### What is required
Make an exact copy of the whole listing, but leave its pictures out.

### Supplied entries
^^^^

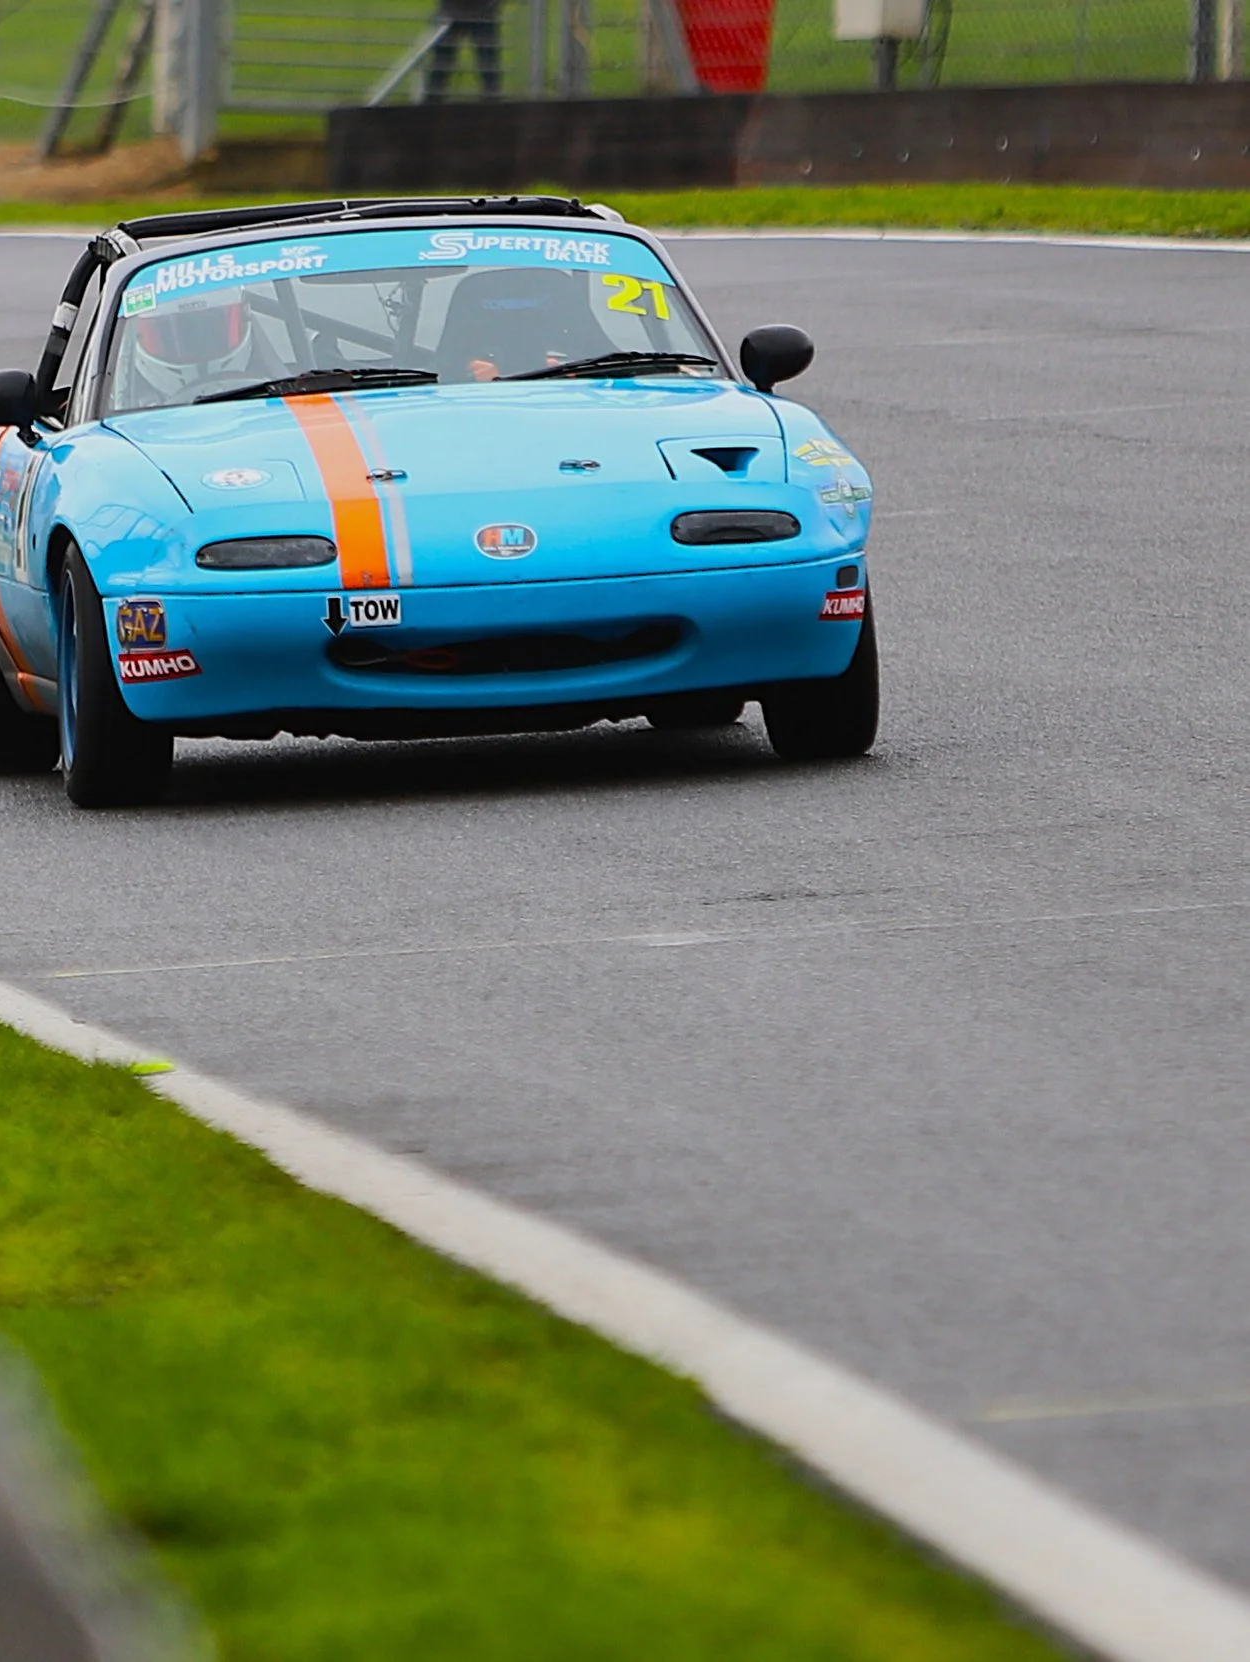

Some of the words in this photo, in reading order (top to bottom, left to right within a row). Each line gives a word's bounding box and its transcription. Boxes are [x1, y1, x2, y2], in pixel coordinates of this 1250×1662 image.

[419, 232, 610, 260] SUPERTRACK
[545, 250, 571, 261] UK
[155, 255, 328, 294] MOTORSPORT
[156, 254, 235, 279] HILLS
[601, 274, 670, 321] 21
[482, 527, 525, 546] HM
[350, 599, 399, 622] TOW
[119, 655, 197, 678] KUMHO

^^^^

### Response
Some of the words in this photo, in reading order (top to bottom, left to right within a row). Each line gives a word's bounding box and its transcription. Boxes are [x1, y1, x2, y2], in pixel coordinates of this 1250×1662 image.

[419, 232, 610, 260] SUPERTRACK
[545, 250, 571, 261] UK
[155, 255, 328, 294] MOTORSPORT
[156, 254, 235, 279] HILLS
[601, 274, 670, 321] 21
[482, 527, 525, 546] HM
[350, 599, 399, 622] TOW
[119, 655, 197, 678] KUMHO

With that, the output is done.